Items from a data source
%%
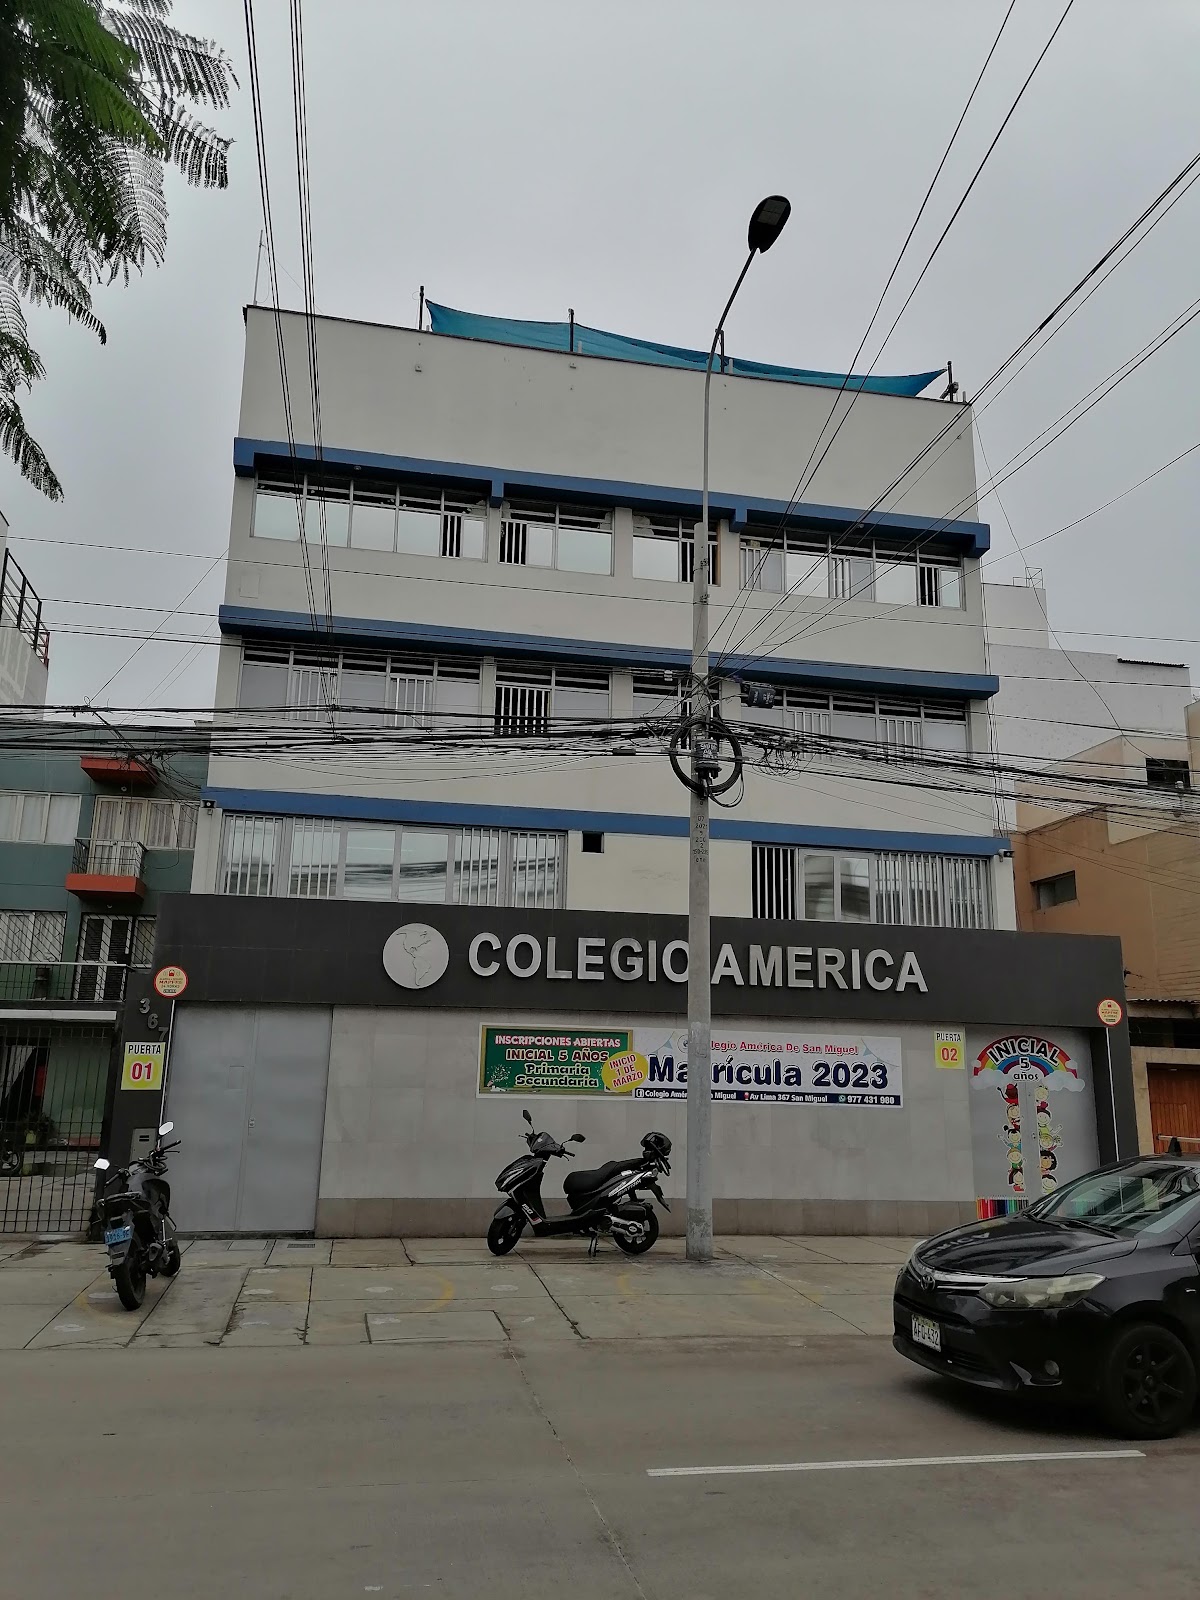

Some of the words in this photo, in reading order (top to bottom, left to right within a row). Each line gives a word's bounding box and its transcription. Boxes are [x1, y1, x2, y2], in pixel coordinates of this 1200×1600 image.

[468, 932, 690, 983] COLEGIO
[710, 943, 929, 992] AMERICA
[495, 1035, 572, 1046] INSCRIPCIONES
[573, 1036, 621, 1047] ABIERTAS
[937, 1033, 961, 1042] PUERTA
[128, 1044, 161, 1054] PUERTA
[711, 1041, 738, 1052] legio
[740, 1041, 783, 1053] América
[786, 1043, 800, 1053] De
[803, 1044, 822, 1054] San
[825, 1044, 859, 1056] Miguel
[941, 1048, 958, 1061] 02
[987, 1038, 1060, 1064] INICIAL
[506, 1049, 554, 1061] INICIAL
[558, 1050, 568, 1061] 5
[572, 1048, 609, 1062] AÑOS
[609, 1054, 636, 1069] INICIO
[1020, 1058, 1030, 1069] 5
[132, 1062, 152, 1080] 01
[525, 1062, 590, 1075] Primaria
[624, 1064, 636, 1075] DE
[648, 1055, 802, 1086] Marícula
[812, 1060, 888, 1089] 2023
[516, 1075, 598, 1087] Secundaria
[613, 1071, 643, 1088] MARZO
[1013, 1072, 1039, 1080] años
[645, 1090, 669, 1099] Colegio
[715, 1092, 737, 1100] Miguel
[805, 1095, 828, 1103] Miguel
[847, 1095, 862, 1103] 977
[863, 1096, 878, 1104] 431
%%
Aim of the task :: Set down the lines of the records above exactly, apart from the pictures.

Your response ::
Some of the words in this photo, in reading order (top to bottom, left to right within a row). Each line gives a word's bounding box and its transcription. Boxes are [x1, y1, x2, y2], in pixel coordinates of this 1200×1600 image.

[468, 932, 690, 983] COLEGIO
[710, 943, 929, 992] AMERICA
[495, 1035, 572, 1046] INSCRIPCIONES
[573, 1036, 621, 1047] ABIERTAS
[937, 1033, 961, 1042] PUERTA
[128, 1044, 161, 1054] PUERTA
[711, 1041, 738, 1052] legio
[740, 1041, 783, 1053] América
[786, 1043, 800, 1053] De
[803, 1044, 822, 1054] San
[825, 1044, 859, 1056] Miguel
[941, 1048, 958, 1061] 02
[987, 1038, 1060, 1064] INICIAL
[506, 1049, 554, 1061] INICIAL
[558, 1050, 568, 1061] 5
[572, 1048, 609, 1062] AÑOS
[609, 1054, 636, 1069] INICIO
[1020, 1058, 1030, 1069] 5
[132, 1062, 152, 1080] 01
[525, 1062, 590, 1075] Primaria
[624, 1064, 636, 1075] DE
[648, 1055, 802, 1086] Marícula
[812, 1060, 888, 1089] 2023
[516, 1075, 598, 1087] Secundaria
[613, 1071, 643, 1088] MARZO
[1013, 1072, 1039, 1080] años
[645, 1090, 669, 1099] Colegio
[715, 1092, 737, 1100] Miguel
[805, 1095, 828, 1103] Miguel
[847, 1095, 862, 1103] 977
[863, 1096, 878, 1104] 431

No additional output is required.